The U.S. Secret Service admitted that the tracking information is part of a deal struck with selected color laser printer manufacturers, ostensibly to identify counterfeiters. However, the nature of the private information encoded in each document was not previously known.
“We’ve found that the dots from at least one line of printers encode the date and time your document was printed, as well as the serial number of the printer,” said EFF Staff Technologist Seth David Schoen.
You can see the dots on color prints from machines made by Xerox, Canon, and other manufacturers. The dots are yellow, less than one millimeter in diameter, and are typically repeated over each page of a document. In order to see the pattern, you need a blue light, a magnifying glass, or a microscope.
EFF and its partners began its project to break the printer code with the Xerox DocuColor line. Researchers Schoen, EFF intern Robert Lee, and volunteers Patrick Murphy and Joel Alwen compared dots from test pages sent in by EFF supporters, noting similarities and differences in their arrangement, and then found a simple way to read the pattern.

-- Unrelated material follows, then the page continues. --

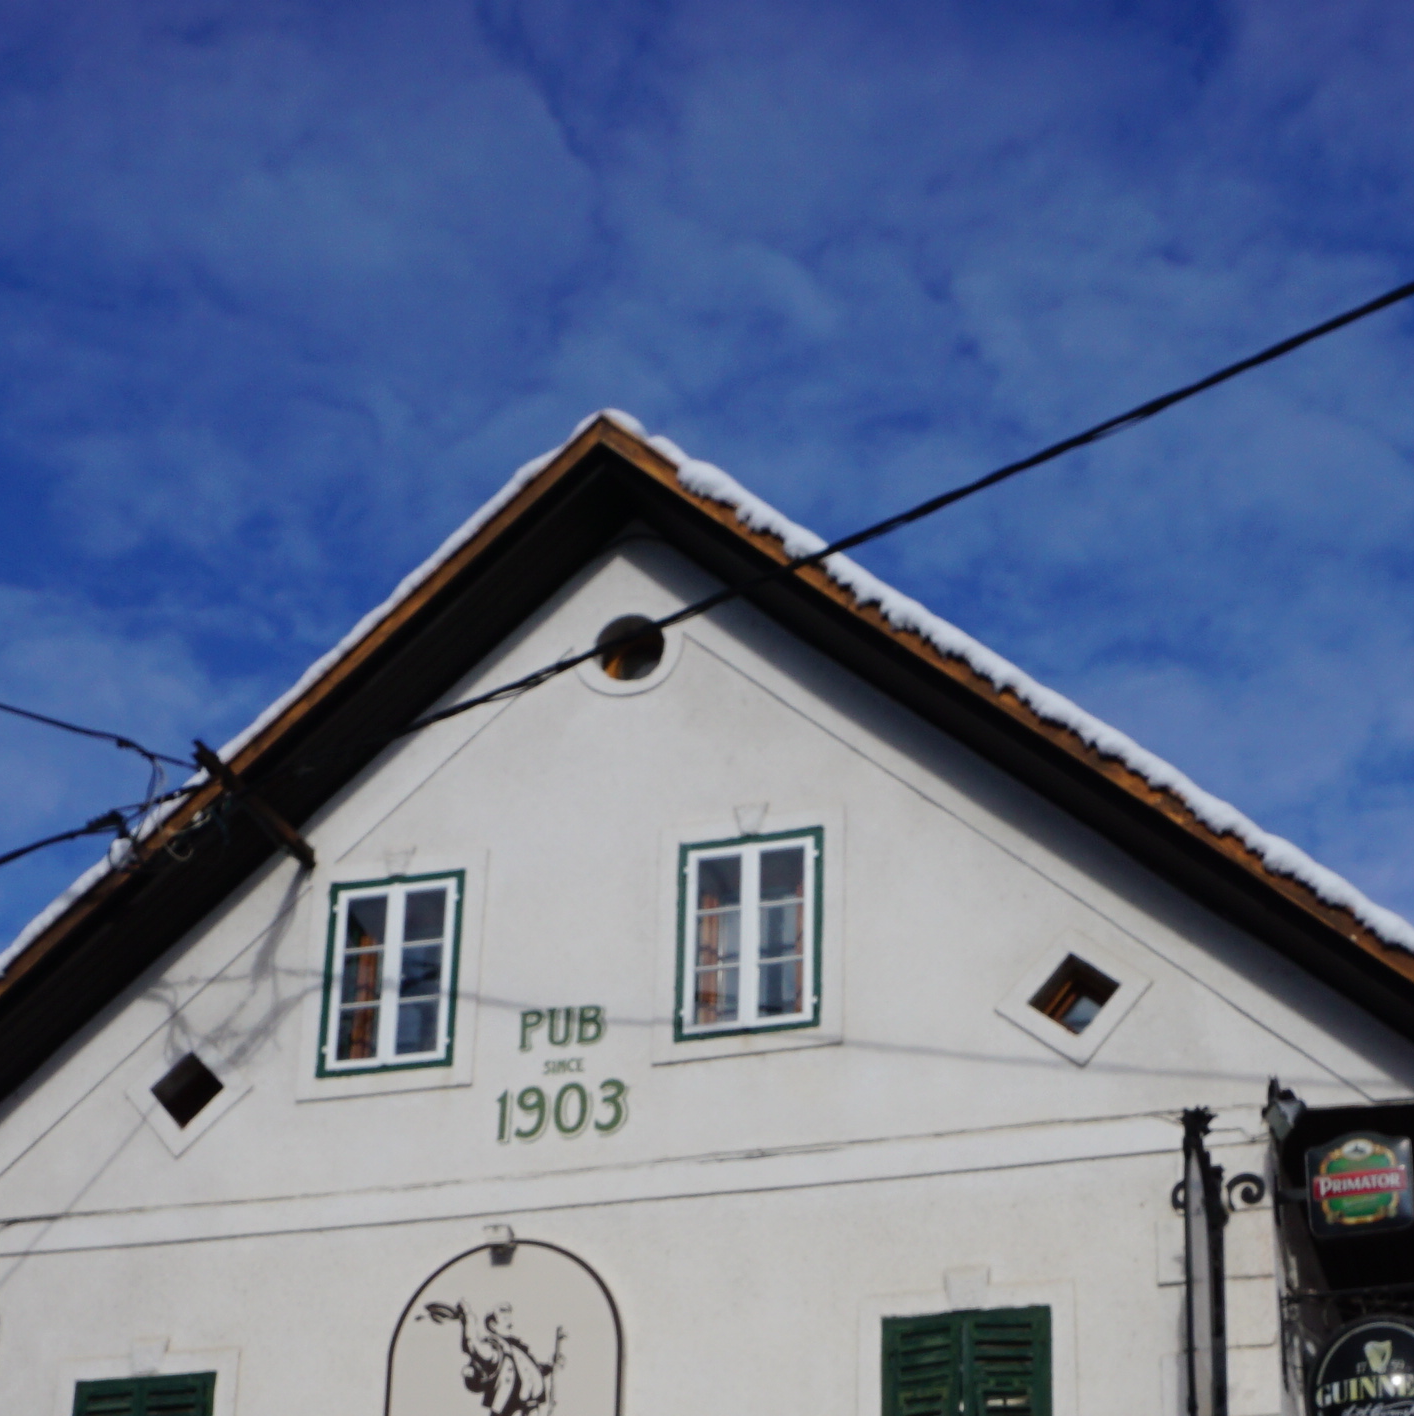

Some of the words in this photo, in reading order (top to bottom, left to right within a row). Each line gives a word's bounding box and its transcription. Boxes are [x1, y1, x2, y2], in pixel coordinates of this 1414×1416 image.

[519, 1005, 605, 1052] PUB
[542, 1057, 585, 1075] SINCE
[496, 1078, 629, 1144] 1903
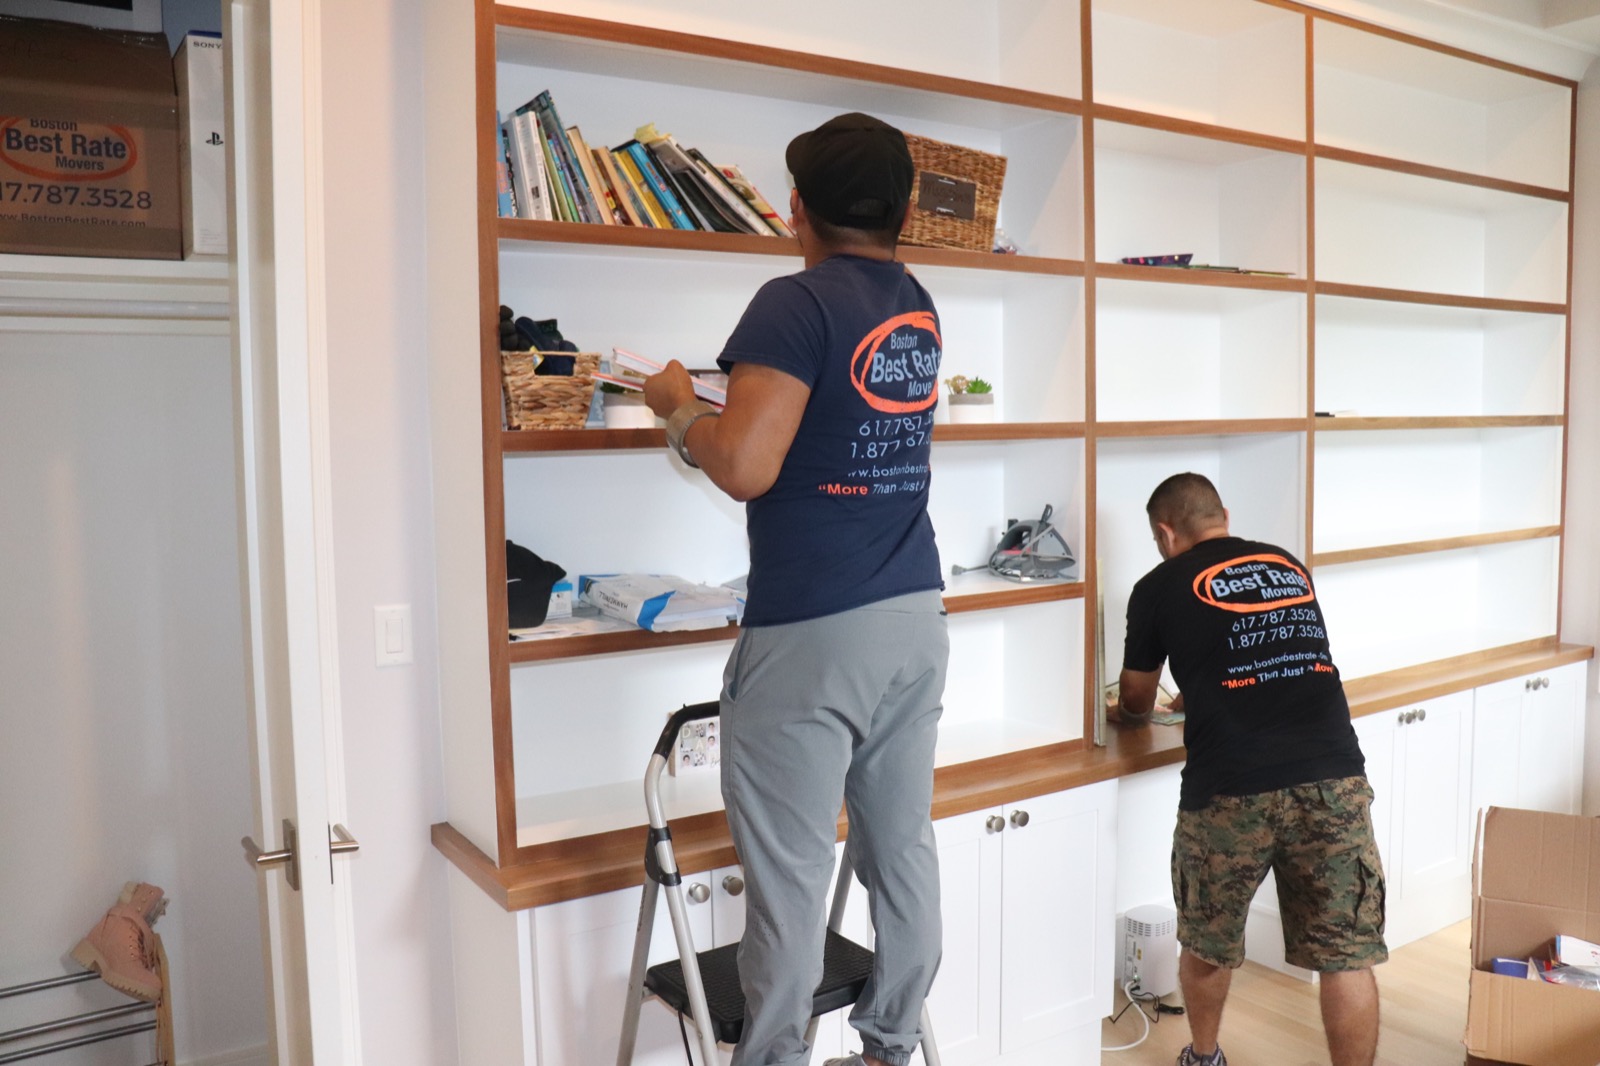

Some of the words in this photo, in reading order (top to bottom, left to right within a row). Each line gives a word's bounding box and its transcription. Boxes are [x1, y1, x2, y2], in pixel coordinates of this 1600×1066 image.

“So far, we’ve only broken the code for Xerox DocuColor printers,” said Schoen. “But we believe that other models from other manufacturers include the same personally identifiable information in their tracking dots.”
[...]
Xerox previously admitted that it provided these tracking dots to the government, but indicated that only the Secret Service had the ability to read the code. The Secret Service maintains that it only uses the information for criminal counterfeit investigations. However, there are no laws to prevent the government from abusing this information.
Well, there you have it. What is going on here is in no essential way different from the scenario at the begining of this post. I am not a believer in the existence of an irreducible “right to privacy”, but I certainly am a firm advocte of inviolate property rights.

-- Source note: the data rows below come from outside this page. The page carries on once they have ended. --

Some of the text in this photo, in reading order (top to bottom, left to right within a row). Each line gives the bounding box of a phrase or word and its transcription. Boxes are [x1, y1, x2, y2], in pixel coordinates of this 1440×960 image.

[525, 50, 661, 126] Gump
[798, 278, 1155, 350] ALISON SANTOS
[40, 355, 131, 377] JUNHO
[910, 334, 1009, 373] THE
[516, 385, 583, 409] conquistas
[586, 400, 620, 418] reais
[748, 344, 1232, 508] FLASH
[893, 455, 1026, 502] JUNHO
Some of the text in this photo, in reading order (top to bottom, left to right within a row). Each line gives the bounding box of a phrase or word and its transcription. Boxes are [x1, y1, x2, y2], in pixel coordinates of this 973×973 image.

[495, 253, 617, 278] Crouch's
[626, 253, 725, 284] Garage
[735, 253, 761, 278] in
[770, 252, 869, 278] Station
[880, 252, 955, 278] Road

Xerox, or any other printer manufacturer, does have the right to embed any tracking/monitoring device they wish into their products, but that is not where property rights stop: consumers possess them, too — hence their right to be aware of the true and full nature of what they freely purchase. It is imperative that the Law ensures that what you ask for during an interpersonal exchange is indeed what you get, and not something else, let alone a malicious spying entity.
But what is going on here is outright fraud — and it is not only supported and sanctioned by the law, it is undertaken in the name of the Law and under the banner of Justice! Not to mention the fact that everytime you print a page, in the background, what is going on is an unauthorized use of your often-expensive-and-hard-to-find ink; i.e., theft — with the ultimate goal of promoting further and even more destructive theft: government-issued, wealth-destroying, paper money!

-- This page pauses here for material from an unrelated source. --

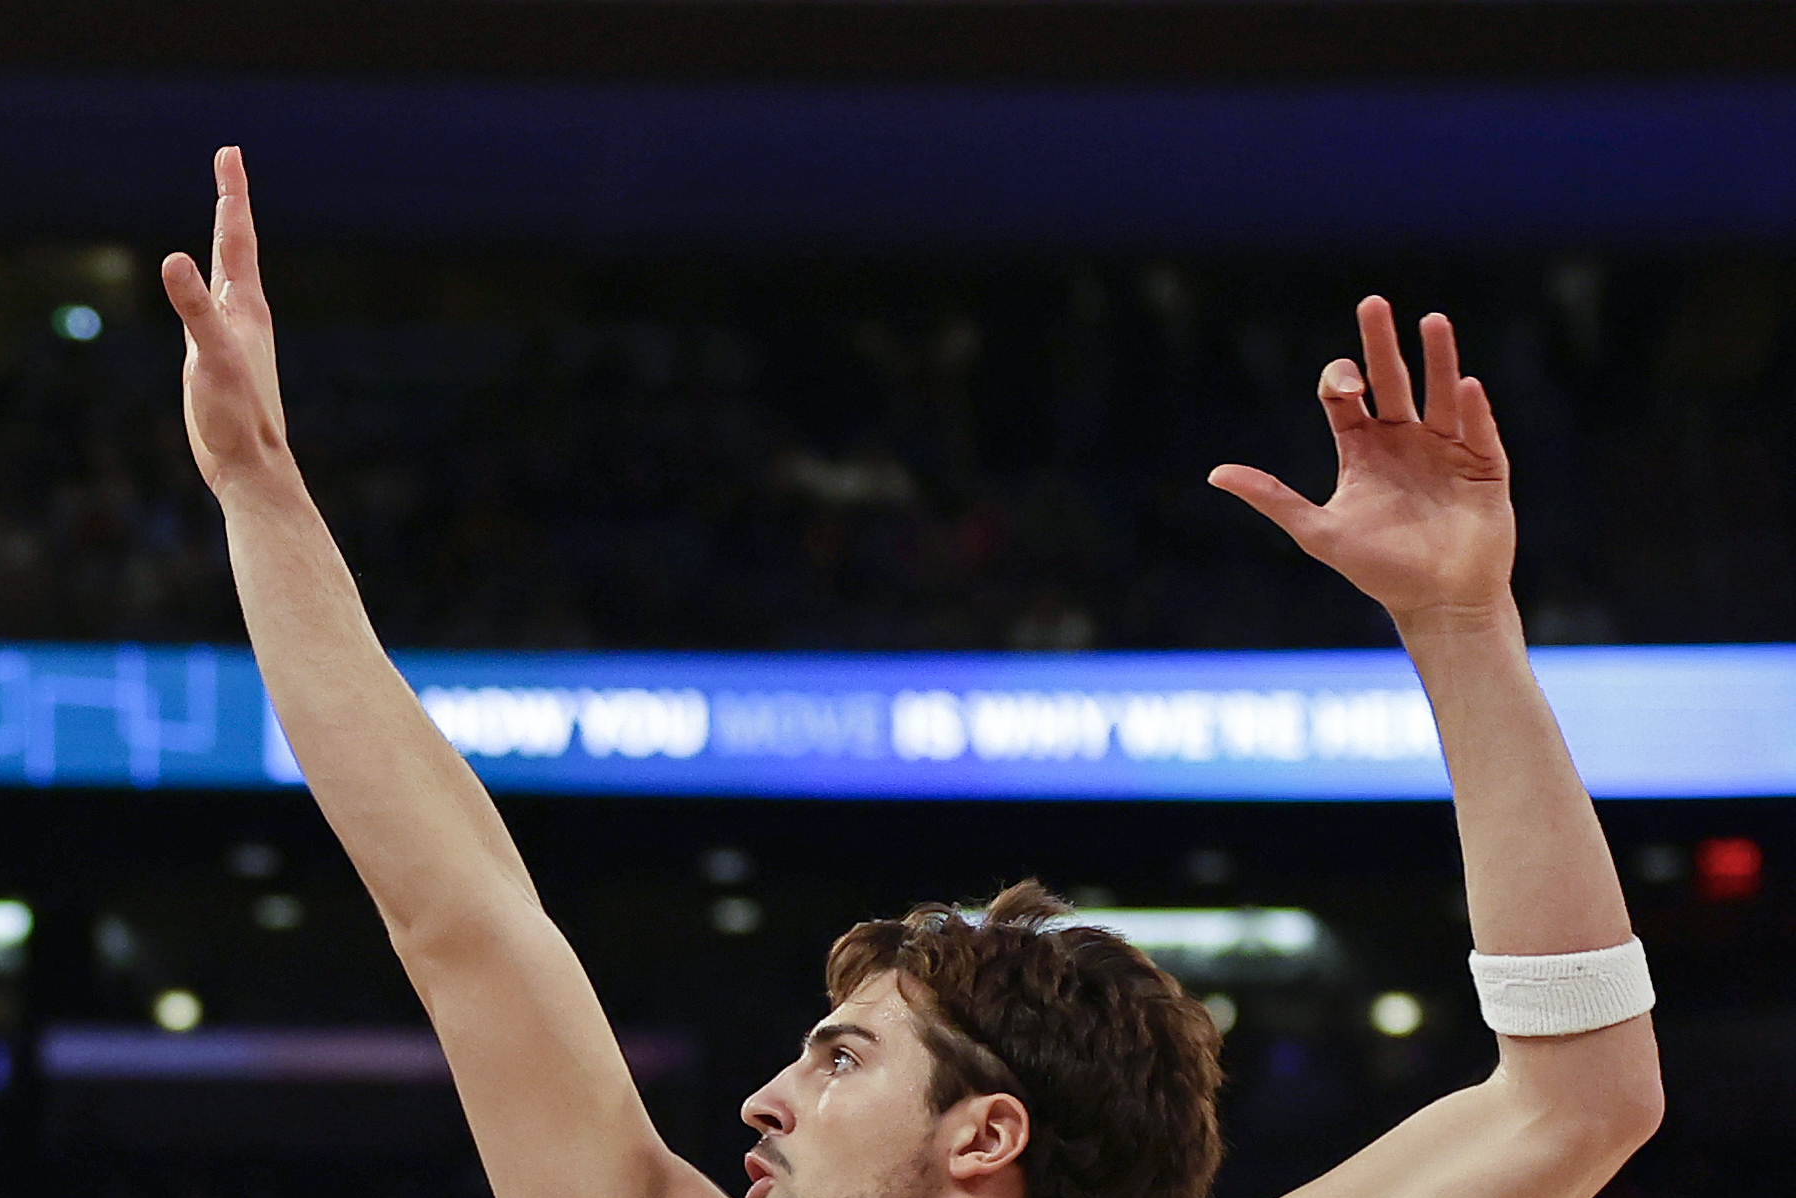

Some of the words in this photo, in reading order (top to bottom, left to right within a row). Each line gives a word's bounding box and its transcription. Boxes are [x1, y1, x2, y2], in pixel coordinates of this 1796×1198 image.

[579, 690, 709, 758] YOU
[891, 691, 967, 760] IS
[971, 691, 1112, 760] WHY

It is also important to know that this information may not be available only the U.S Secret Service, but possibly to every government on Earth. Hell, if companies such as Microsoft, Yahoo, Google and Cisco — among others — have not refrained from making explicit deals with dictatorial government such as China to prohibit the use of such words as “democracy”, “liberty”, “freedom”, and “human rights”, what is there really to prevent others from making similar deals as the present one between the U.S government and the printing industry? Not to forget, of course, that nearly everything we consume is “Made In China”.
The folks at EFF are indeed right to note …
Underground democracy movements that produce political or religious pamphlets and flyers, like the Russian samizdat of the 1980s, will always need the anonymity of simple paper documents, but this technology makes it easier for governments to find dissenters … Even worse, it shows how the government and private industry make backroom deals to weaken our privacy by compromising everyday equipment like printers. The logical next question is: what other deals have been or are being made to ensure that our technology rats on us?